This is the latest piece in a series about the nitty gritty of entrepreneurship, for which Moneyish asks tried-and-tested founders of successful startups how they got funded. Read more here.

Before you can sell your million-dollar idea to investors, you’ve got to sell it to yourself.

“It has to be an idea that you are super passionate about, because the process will test you,” Framebridge founder Susan Tynan told Moneyish.

The Washington D.C. entrepreneur started her online custom framing business two years ago after being scarred from spending $1,600 to frame four national parks posters. “That was more than my couch!” she said. “And it was a really intimidating experience. I felt like I was being upsold the entire time.”

Framebridge founder Susan Tynan (Framebridge)

Enter Framebridge, which mounts and frames pictures, fabrics or whatever you desire for $39 to $189, which is up to 70% less than traditional custom frame jobs.

Tynan, 41, took a framing course and attending a trade show to learn everything she could about working in pictures, even as she was still a general manager for LivingSocial. She also picked everyone’s brains about their framing experiences.

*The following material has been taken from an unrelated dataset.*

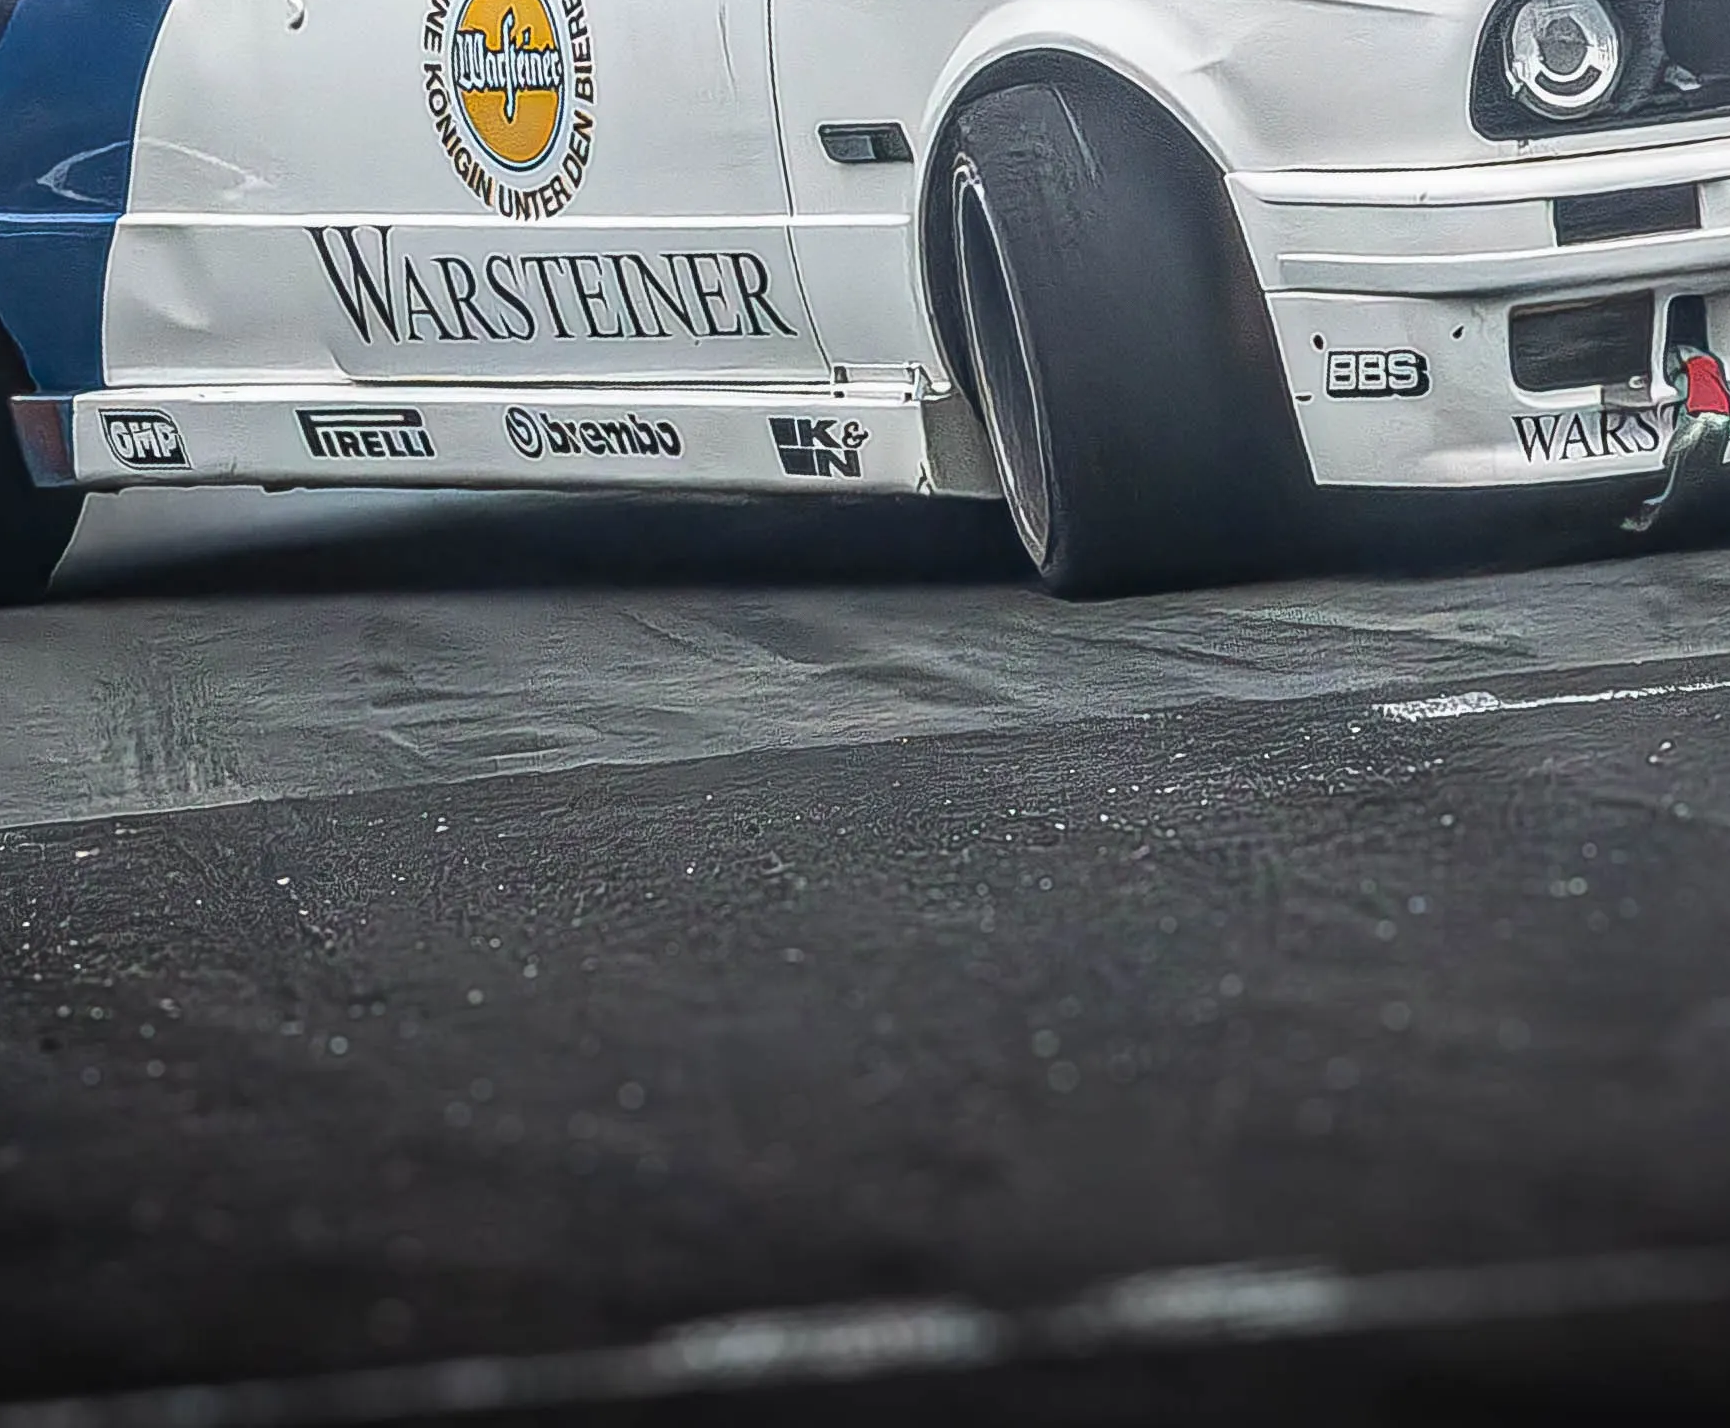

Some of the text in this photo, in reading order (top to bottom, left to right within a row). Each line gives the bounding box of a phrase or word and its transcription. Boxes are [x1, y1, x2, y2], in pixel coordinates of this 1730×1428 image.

“People are always so scared to share their ideas, but it’s the only way to test it,” said Tynan. “Everyone thinks that people will steal your idea, but ideas are a dime a dozen. It’s whether or not you can actually get it done.”

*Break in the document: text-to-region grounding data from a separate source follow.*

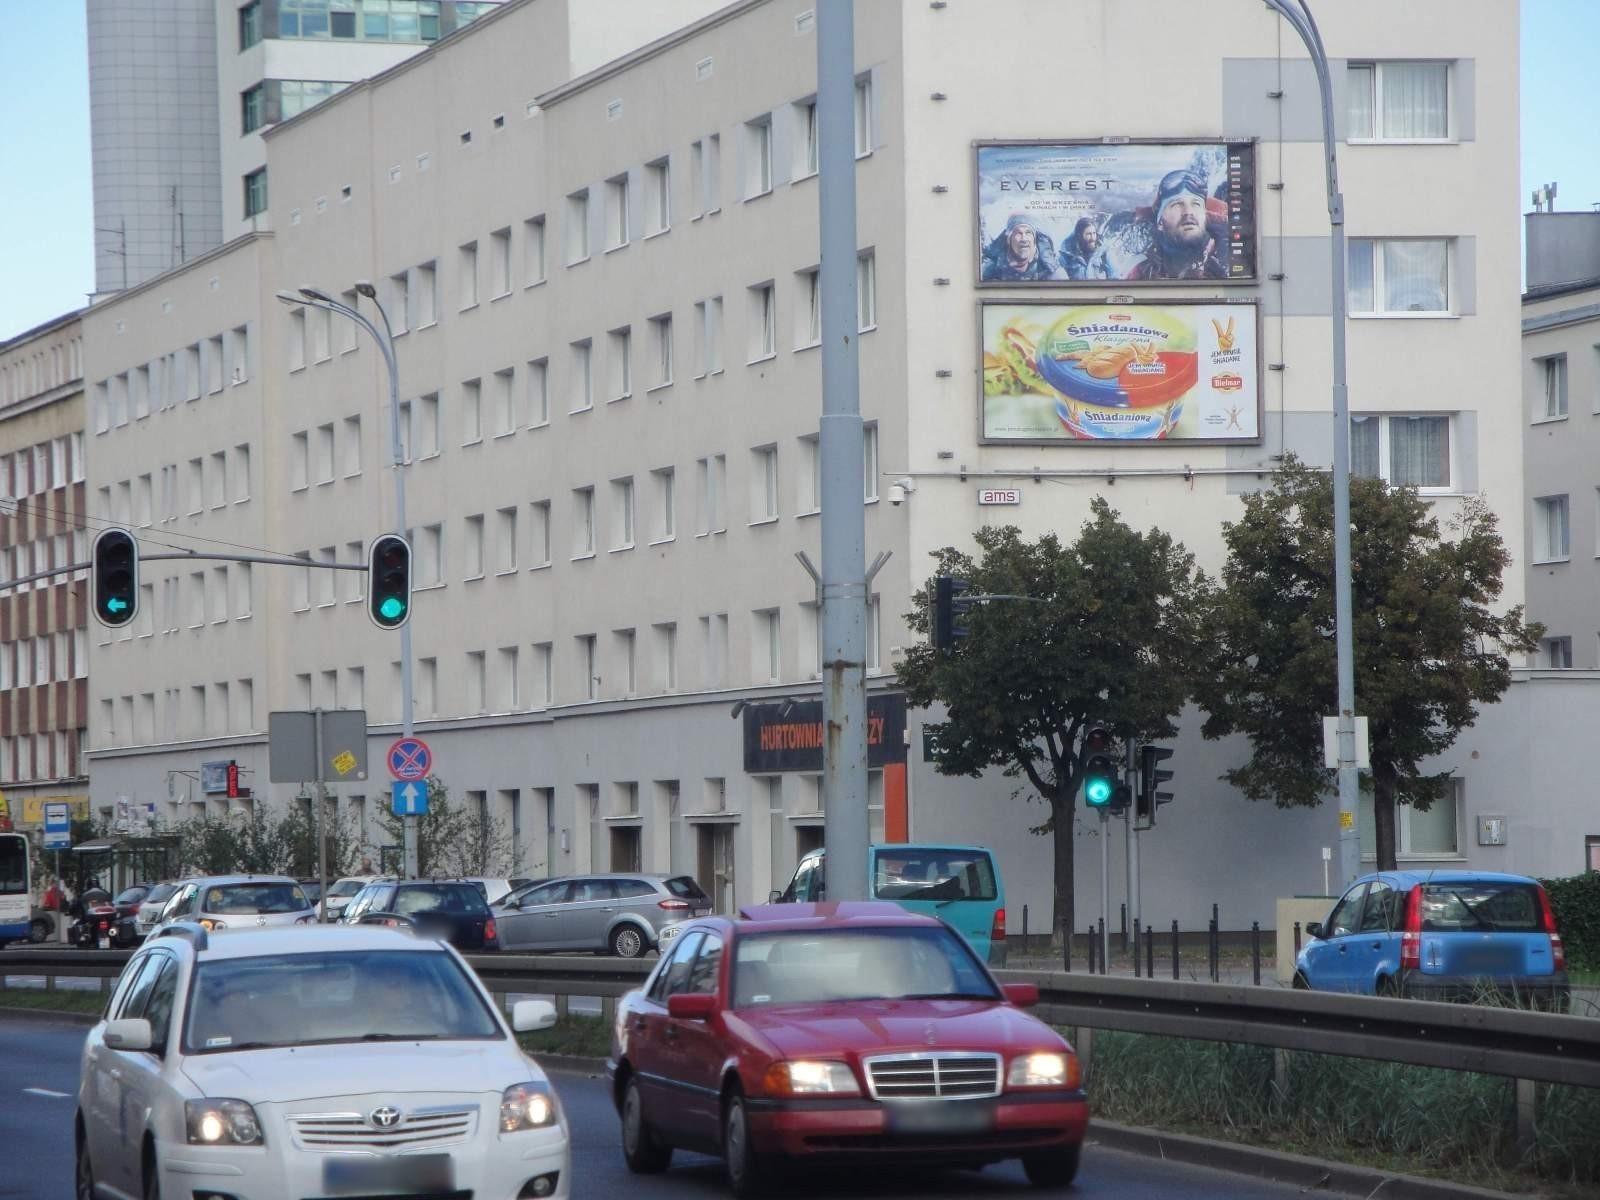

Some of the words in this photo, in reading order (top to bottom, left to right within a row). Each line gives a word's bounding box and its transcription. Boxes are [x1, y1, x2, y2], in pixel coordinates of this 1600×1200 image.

[1000, 180, 1114, 191] EVEREST
[1067, 324, 1169, 339] Śniadaniowa
[1084, 408, 1152, 422] Śniadaniowa
[984, 491, 1015, 502] ams
[760, 722, 824, 751] HURTOWNIA

Framebridge lets you custom frame prints and other pieces of art easily and affordably. (Framebridge)

And she got her dream done by leaving LivingSocial to network full-time in 2015. “You have to take hundreds of coffee dates with people who are probably not going to fund your business,” she warned. But those nos can lead to yesses, like a venture capitalist who wasn’t interested in Framebridge, but directed Tynan to another investor who was.

She started with people she’d work with before – “who knew my work ethic and hustle” – who made some essential introductions. “They could give a warm introduction,” she said. “Unfortunately, most investors are swamped with inbounds, so you need to figure out a warm introduction,” which separates you from the pack of no-names.

“It is tremendously time consuming, and it can be defeating when 99% of conversations will not result in a check,” she said. “The people who funded me originally were people who knew me. So you have to make connections with people, one at a time, by putting in the time.”

You can’t be modest about your sales pitch, either. “It’s almost silly in the beginning to be saying ‘We’re going to be a multimillion dollar company!’ when you haven’t sold one thing yet,” she said. “But people want to come along with the big vision.” Go big, or go home.

Framebridge lets you custom frame prints and other pieces of art easily and affordably. (Framebridge)

Within five months, she had raised $1 million, mostly from two venture capital firms and ex-LivingSocial CEO Tim O’Shaughnessy, her old boss. (Stay on good terms with former employers!) This rented out the production facilities in Maryland and Kentucky, covered the cost of framing materials, and also went toward building the website. Today Framebridge boasts 150 employees framing “hundreds of thousands of pieces,”  Tynan said, and sales tripled last year over the year before. “We’re on track to do the same again,” she said, declining to give revenue totals.

She is also expanding with related services, like designing layouts to display your framed works on your wall.

“But the thing that makes me the proudest is when we see someone on social media tell someone else, ‘Pretty photo – you should Framebridge that one,’” she said. “Not only are people really understanding what we’re trying to do – but now we’re a verb!”